The best-case scenario for the White House is that Biden works with McConnell – a fierce Republican who nonetheless has shown a willingness to permit some Biden bills to get a vote – and puts pressure on McCarthy to do the same, at least on occasion.

The middling scenario is that Biden endures two years of House investigations into his family and himself, gets virtually nothing of substance passed, and threatens to veto GOP items such as national abortion restrictions, cuts to Social Security and Medicare and a 30% national sales tax.

This week, the worst-case scenario for Biden, Congress and the global economy emerged: The nation reached its debt limit, putting the United States on a path to devastating financial default unless Congress acts.

If the universal goal were to avoid a panic on Wall Street, the potential loss of millions of jobs and a ripple effect that would hurt economies around the world, the choice would be easy, experts say. Congress would merely raise the debt limit (which applies to obligations the nation has already made or spent and does not give a “blank check” for further spending).

But politically, the goals are different for a contrary group of GOP lawmakers whose constituents incorrectly see raising the debt ceiling as a license to increase new spending.

“Politicians behave (according to) their incentives. If you’re in elected office, you can’t get more elected – you can only get unelected,” says Peter Loge, a former senior Capitol Hill staffer who is now an associate professor of media and public affairs at George Washington University. “The politics of the debt ceiling and Congress is not about the American people or the debt,” he says. “It’s about small elections involving a relatively small group of people.”

For individual lawmakers in Trump-loyal districts, that means there’s no point in trying to get another 10% of the vote from moderates when hanging onto the base that elected them will due, Loge says. And for McCarthy, the loss of support of just a handful of Republicans could lose him his job.

“What McCarthy wants to do is to be seen to be doing the things that he thinks will prevent him from losing power,” Loge says.

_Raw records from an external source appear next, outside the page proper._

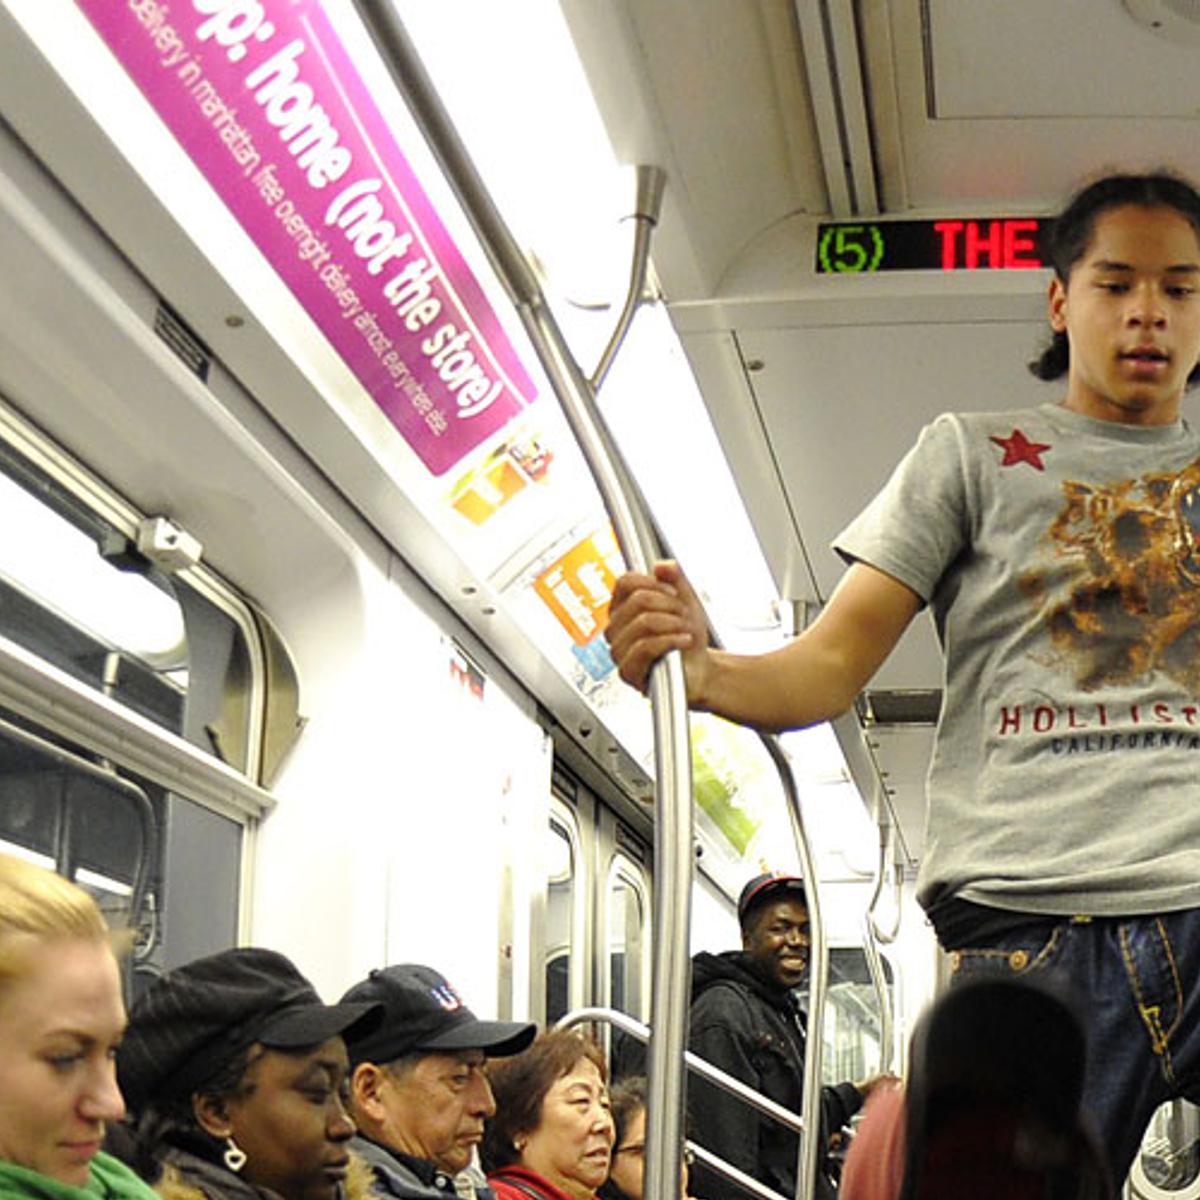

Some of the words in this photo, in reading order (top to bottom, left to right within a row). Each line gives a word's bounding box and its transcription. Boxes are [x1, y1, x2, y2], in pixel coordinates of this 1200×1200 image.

[177, 55, 202, 87] in
[252, 164, 284, 205] free
[275, 201, 331, 270] overnight
[320, 264, 363, 318] delivery
[354, 311, 392, 358] almost
[382, 351, 434, 418] everywhere
[245, 39, 352, 188] home
[324, 178, 413, 275] (not
[383, 258, 442, 332] the
[421, 323, 503, 418] store)
[818, 226, 884, 273] (5)
[934, 219, 1041, 271] THE
[1051, 730, 1200, 755] CALIFORNIA

Democrats say it’s actually a political gift if House Republicans use their majority advantage to pass “message bills” (such as abortion restrictions, eliminating the IRS and other measures that would die in the Senate or be vetoed) and conducting investigations. Merely running against Biden – and offering little about what they would do for the American people – resulted in a disappointing midterm election night for the GOP, Democrats say.

That would merely provide more political fodder for Biden, giving him someone convenient to blame if and when he can’t get the House to pass his agenda items, experts say. But the debt ceiling would be a too-dangerous tool in that political arsenal, they add – meaning Biden might need to play both sides of his political character to the GOP leadership.

“How McCarthy navigates this is the real question,” says Kyle Herrig, executive director of the Congressional Integrity Project. “If the choice is between the global economy and losing your speakership,” he says, the stakes are high.